Teaching: why AI can’t ‘read the classroom’
Teaching is one area where the human element remains central, making it crucial to recognise the limitations of AI in this domain. While AI-powered platforms can customise lesson plans, adapt to students’ learning speeds and provide instant feedback on assignments, their capabilities fall short in addressing the emotional and relational aspects of education. For example, while these tools may assist neurodivergent students by presenting information in different formats, aiding executive functions like planning and organising, they cannot replicate the deeper human connection that defines effective teaching.

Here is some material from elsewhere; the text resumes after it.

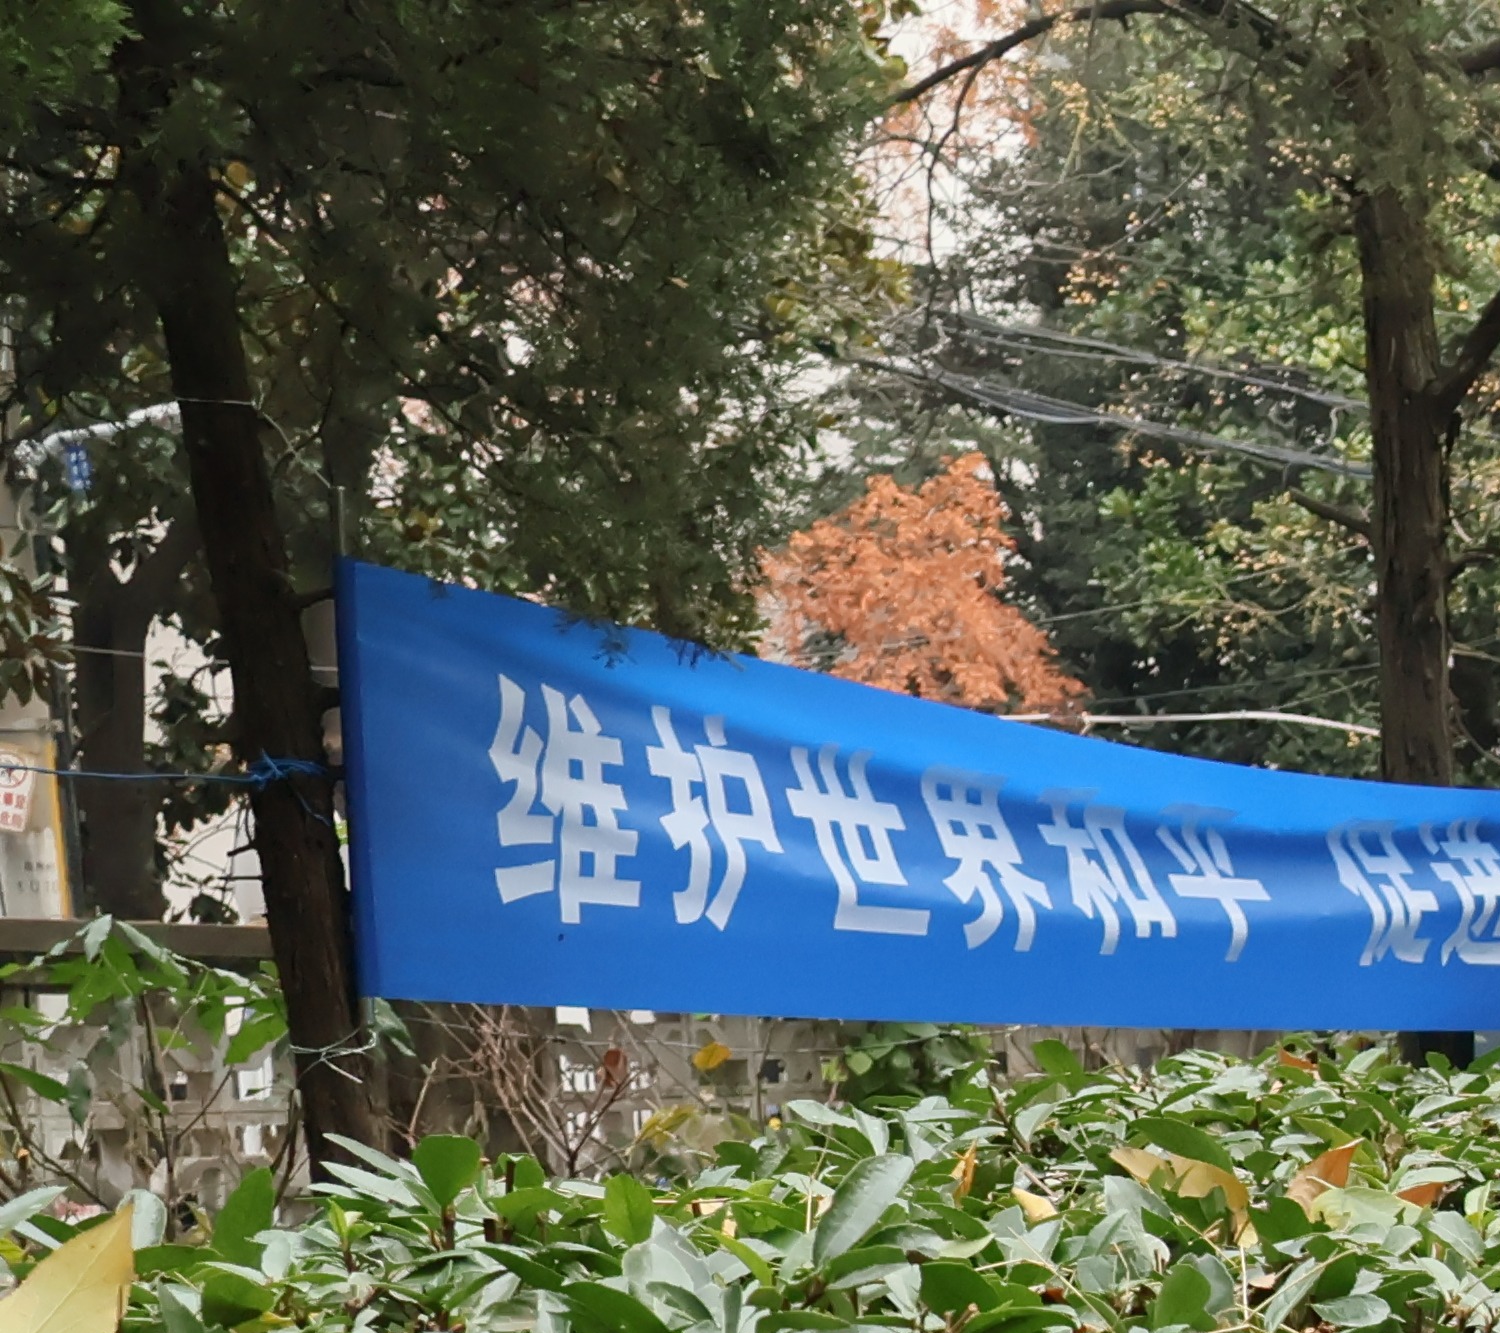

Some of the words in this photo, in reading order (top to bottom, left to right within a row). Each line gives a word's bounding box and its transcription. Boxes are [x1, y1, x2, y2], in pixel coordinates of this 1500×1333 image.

Teaching is a fundamentally human endeavour rooted in empathy, intuition and inspiration. An educator does more than deliver content; they interpret the unspoken dynamics of a classroom, responding to subtle cues such as student engagement, confusion or emotional needs. This ability to “read the room” enables teachers to adapt their approach in real time, creating an environment where students feel seen, heard and motivated.
In moments when students require encouragement, guidance or understanding, AI falls short. Machines cannot discern the complexities of a student’s emotional state or provide the reassurance that comes from human interaction. Educating, at its core, is about stimulating human growth as much as transferring knowledge – a task that requires the emotional intelligence, creativity and relational depth only humans can provide. While AI can enhance the mechanics of learning, the decision to eschew it in teaching is vital when the focus shifts to cultivating personal connections, inspiring curiosity and nurturing students’ holistic development.
Research: why AI fails the ‘what if’ test
In research, AI can process vast datasets and identify patterns far beyond human capacity, but it is less effective in abstract “thinking” and defining new directions. AI can suggest correlations, but it doesn’t understand the broader context or ask the “what if?” questions that lead to paradigm shifts. For instance, the conceptual leaps that led to quantum mechanics or the structure of DNA required human imagination and philosophical questioning that AI, bound by existing paradigms, cannot replicate.
In my work, I maintain a cautious approach, validating AI-generated results rigorously to uphold research integrity. Ethical considerations, particularly regarding bias in AI models and the responsible use of data, are integral to our practice as researchers.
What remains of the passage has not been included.